(Stored records)
★ ★ ★

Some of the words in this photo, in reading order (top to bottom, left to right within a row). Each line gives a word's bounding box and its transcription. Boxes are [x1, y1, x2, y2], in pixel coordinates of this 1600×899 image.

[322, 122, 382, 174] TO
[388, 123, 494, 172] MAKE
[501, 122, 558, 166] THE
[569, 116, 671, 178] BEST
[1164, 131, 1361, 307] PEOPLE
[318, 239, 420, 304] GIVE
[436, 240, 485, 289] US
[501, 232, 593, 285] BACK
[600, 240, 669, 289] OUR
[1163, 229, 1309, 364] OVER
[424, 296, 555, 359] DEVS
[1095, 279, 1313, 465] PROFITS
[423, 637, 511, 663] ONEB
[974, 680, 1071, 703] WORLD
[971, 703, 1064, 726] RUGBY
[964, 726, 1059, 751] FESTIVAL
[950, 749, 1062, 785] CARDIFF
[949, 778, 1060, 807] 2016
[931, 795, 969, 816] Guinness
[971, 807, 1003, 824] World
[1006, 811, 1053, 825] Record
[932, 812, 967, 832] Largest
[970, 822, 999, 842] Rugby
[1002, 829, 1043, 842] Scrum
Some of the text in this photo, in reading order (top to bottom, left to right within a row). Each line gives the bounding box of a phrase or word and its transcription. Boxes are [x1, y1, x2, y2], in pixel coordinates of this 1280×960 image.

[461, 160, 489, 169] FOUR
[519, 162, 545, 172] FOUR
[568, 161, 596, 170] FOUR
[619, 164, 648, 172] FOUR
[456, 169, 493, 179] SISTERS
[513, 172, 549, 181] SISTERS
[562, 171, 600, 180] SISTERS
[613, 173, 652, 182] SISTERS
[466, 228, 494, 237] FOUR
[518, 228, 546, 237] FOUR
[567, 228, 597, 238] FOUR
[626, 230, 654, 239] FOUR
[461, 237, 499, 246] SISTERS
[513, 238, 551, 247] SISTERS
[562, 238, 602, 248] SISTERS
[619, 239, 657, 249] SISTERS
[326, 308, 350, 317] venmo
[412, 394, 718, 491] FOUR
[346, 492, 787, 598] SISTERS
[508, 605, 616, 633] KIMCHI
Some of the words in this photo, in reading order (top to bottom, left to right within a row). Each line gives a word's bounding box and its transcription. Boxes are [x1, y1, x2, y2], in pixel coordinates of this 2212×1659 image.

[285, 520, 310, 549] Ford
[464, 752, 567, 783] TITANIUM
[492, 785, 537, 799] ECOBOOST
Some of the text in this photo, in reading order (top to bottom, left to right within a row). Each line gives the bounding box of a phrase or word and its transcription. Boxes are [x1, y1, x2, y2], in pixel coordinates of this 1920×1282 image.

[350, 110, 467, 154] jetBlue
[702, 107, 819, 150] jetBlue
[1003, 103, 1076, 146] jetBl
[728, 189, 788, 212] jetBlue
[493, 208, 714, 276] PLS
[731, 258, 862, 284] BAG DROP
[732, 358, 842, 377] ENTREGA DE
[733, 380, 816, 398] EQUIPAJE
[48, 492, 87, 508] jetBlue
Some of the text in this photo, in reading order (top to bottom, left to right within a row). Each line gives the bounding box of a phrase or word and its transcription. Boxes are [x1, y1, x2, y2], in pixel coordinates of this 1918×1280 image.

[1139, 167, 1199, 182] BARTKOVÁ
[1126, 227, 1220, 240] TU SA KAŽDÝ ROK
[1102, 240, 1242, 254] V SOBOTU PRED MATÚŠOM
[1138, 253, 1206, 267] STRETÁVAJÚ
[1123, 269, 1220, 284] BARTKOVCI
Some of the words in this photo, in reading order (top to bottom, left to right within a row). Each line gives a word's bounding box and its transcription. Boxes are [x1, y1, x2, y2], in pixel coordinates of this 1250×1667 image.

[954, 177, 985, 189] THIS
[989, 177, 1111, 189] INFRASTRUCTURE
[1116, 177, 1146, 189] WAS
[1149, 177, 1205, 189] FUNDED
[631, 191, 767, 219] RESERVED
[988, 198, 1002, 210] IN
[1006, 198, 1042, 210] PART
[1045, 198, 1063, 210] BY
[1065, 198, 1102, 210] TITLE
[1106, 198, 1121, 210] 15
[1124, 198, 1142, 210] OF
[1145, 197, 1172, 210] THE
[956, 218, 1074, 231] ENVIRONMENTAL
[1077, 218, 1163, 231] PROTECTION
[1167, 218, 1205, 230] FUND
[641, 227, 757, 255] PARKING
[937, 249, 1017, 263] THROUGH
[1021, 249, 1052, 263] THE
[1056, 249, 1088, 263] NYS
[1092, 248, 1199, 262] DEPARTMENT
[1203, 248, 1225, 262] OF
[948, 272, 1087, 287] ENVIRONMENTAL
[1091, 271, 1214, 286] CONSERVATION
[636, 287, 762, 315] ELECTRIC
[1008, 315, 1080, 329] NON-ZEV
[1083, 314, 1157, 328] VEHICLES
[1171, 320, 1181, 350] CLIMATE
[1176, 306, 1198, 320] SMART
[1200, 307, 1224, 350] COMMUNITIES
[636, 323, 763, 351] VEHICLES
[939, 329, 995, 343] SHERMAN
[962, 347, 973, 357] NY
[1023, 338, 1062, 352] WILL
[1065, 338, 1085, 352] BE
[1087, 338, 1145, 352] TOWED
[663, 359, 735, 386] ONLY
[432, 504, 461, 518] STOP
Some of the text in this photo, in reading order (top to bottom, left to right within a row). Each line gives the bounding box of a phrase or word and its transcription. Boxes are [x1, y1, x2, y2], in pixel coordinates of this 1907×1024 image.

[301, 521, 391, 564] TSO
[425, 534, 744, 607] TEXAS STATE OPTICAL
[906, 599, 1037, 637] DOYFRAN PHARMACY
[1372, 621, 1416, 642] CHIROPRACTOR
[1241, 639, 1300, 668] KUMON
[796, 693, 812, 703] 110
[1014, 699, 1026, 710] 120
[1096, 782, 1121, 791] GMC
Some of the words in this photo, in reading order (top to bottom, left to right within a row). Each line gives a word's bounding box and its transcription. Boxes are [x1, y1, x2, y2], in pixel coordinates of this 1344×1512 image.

★ ★ ★

• Problem requirements
Write out every entry word for word.

• Exercise result
Some of the words in this photo, in reading order (top to bottom, left to right within a row). Each line gives a word's bounding box and its transcription. Boxes are [x1, y1, x2, y2], in pixel coordinates of this 1600×899 image.

[322, 122, 382, 174] TO
[388, 123, 494, 172] MAKE
[501, 122, 558, 166] THE
[569, 116, 671, 178] BEST
[1164, 131, 1361, 307] PEOPLE
[318, 239, 420, 304] GIVE
[436, 240, 485, 289] US
[501, 232, 593, 285] BACK
[600, 240, 669, 289] OUR
[1163, 229, 1309, 364] OVER
[424, 296, 555, 359] DEVS
[1095, 279, 1313, 465] PROFITS
[423, 637, 511, 663] ONEB
[974, 680, 1071, 703] WORLD
[971, 703, 1064, 726] RUGBY
[964, 726, 1059, 751] FESTIVAL
[950, 749, 1062, 785] CARDIFF
[949, 778, 1060, 807] 2016
[931, 795, 969, 816] Guinness
[971, 807, 1003, 824] World
[1006, 811, 1053, 825] Record
[932, 812, 967, 832] Largest
[970, 822, 999, 842] Rugby
[1002, 829, 1043, 842] Scrum
Some of the text in this photo, in reading order (top to bottom, left to right within a row). Each line gives the bounding box of a phrase or word and its transcription. Boxes are [x1, y1, x2, y2], in pixel coordinates of this 1280×960 image.

[461, 160, 489, 169] FOUR
[519, 162, 545, 172] FOUR
[568, 161, 596, 170] FOUR
[619, 164, 648, 172] FOUR
[456, 169, 493, 179] SISTERS
[513, 172, 549, 181] SISTERS
[562, 171, 600, 180] SISTERS
[613, 173, 652, 182] SISTERS
[466, 228, 494, 237] FOUR
[518, 228, 546, 237] FOUR
[567, 228, 597, 238] FOUR
[626, 230, 654, 239] FOUR
[461, 237, 499, 246] SISTERS
[513, 238, 551, 247] SISTERS
[562, 238, 602, 248] SISTERS
[619, 239, 657, 249] SISTERS
[326, 308, 350, 317] venmo
[412, 394, 718, 491] FOUR
[346, 492, 787, 598] SISTERS
[508, 605, 616, 633] KIMCHI
Some of the words in this photo, in reading order (top to bottom, left to right within a row). Each line gives a word's bounding box and its transcription. Boxes are [x1, y1, x2, y2], in pixel coordinates of this 2212×1659 image.

[285, 520, 310, 549] Ford
[464, 752, 567, 783] TITANIUM
[492, 785, 537, 799] ECOBOOST
Some of the text in this photo, in reading order (top to bottom, left to right within a row). Each line gives the bounding box of a phrase or word and its transcription. Boxes are [x1, y1, x2, y2], in pixel coordinates of this 1920×1282 image.

[350, 110, 467, 154] jetBlue
[702, 107, 819, 150] jetBlue
[1003, 103, 1076, 146] jetBl
[728, 189, 788, 212] jetBlue
[493, 208, 714, 276] PLS
[731, 258, 862, 284] BAG DROP
[732, 358, 842, 377] ENTREGA DE
[733, 380, 816, 398] EQUIPAJE
[48, 492, 87, 508] jetBlue
Some of the text in this photo, in reading order (top to bottom, left to right within a row). Each line gives the bounding box of a phrase or word and its transcription. Boxes are [x1, y1, x2, y2], in pixel coordinates of this 1918×1280 image.

[1139, 167, 1199, 182] BARTKOVÁ
[1126, 227, 1220, 240] TU SA KAŽDÝ ROK
[1102, 240, 1242, 254] V SOBOTU PRED MATÚŠOM
[1138, 253, 1206, 267] STRETÁVAJÚ
[1123, 269, 1220, 284] BARTKOVCI
Some of the words in this photo, in reading order (top to bottom, left to right within a row). Each line gives a word's bounding box and its transcription. Boxes are [x1, y1, x2, y2], in pixel coordinates of this 1250×1667 image.

[954, 177, 985, 189] THIS
[989, 177, 1111, 189] INFRASTRUCTURE
[1116, 177, 1146, 189] WAS
[1149, 177, 1205, 189] FUNDED
[631, 191, 767, 219] RESERVED
[988, 198, 1002, 210] IN
[1006, 198, 1042, 210] PART
[1045, 198, 1063, 210] BY
[1065, 198, 1102, 210] TITLE
[1106, 198, 1121, 210] 15
[1124, 198, 1142, 210] OF
[1145, 197, 1172, 210] THE
[956, 218, 1074, 231] ENVIRONMENTAL
[1077, 218, 1163, 231] PROTECTION
[1167, 218, 1205, 230] FUND
[641, 227, 757, 255] PARKING
[937, 249, 1017, 263] THROUGH
[1021, 249, 1052, 263] THE
[1056, 249, 1088, 263] NYS
[1092, 248, 1199, 262] DEPARTMENT
[1203, 248, 1225, 262] OF
[948, 272, 1087, 287] ENVIRONMENTAL
[1091, 271, 1214, 286] CONSERVATION
[636, 287, 762, 315] ELECTRIC
[1008, 315, 1080, 329] NON-ZEV
[1083, 314, 1157, 328] VEHICLES
[1171, 320, 1181, 350] CLIMATE
[1176, 306, 1198, 320] SMART
[1200, 307, 1224, 350] COMMUNITIES
[636, 323, 763, 351] VEHICLES
[939, 329, 995, 343] SHERMAN
[962, 347, 973, 357] NY
[1023, 338, 1062, 352] WILL
[1065, 338, 1085, 352] BE
[1087, 338, 1145, 352] TOWED
[663, 359, 735, 386] ONLY
[432, 504, 461, 518] STOP
Some of the text in this photo, in reading order (top to bottom, left to right within a row). Each line gives the bounding box of a phrase or word and its transcription. Boxes are [x1, y1, x2, y2], in pixel coordinates of this 1907×1024 image.

[301, 521, 391, 564] TSO
[425, 534, 744, 607] TEXAS STATE OPTICAL
[906, 599, 1037, 637] DOYFRAN PHARMACY
[1372, 621, 1416, 642] CHIROPRACTOR
[1241, 639, 1300, 668] KUMON
[796, 693, 812, 703] 110
[1014, 699, 1026, 710] 120
[1096, 782, 1121, 791] GMC
Some of the words in this photo, in reading order (top to bottom, left to right within a row). Each line gives a word's bounding box and its transcription. Boxes are [x1, y1, x2, y2], in pixel coordinates of this 1344×1512 image.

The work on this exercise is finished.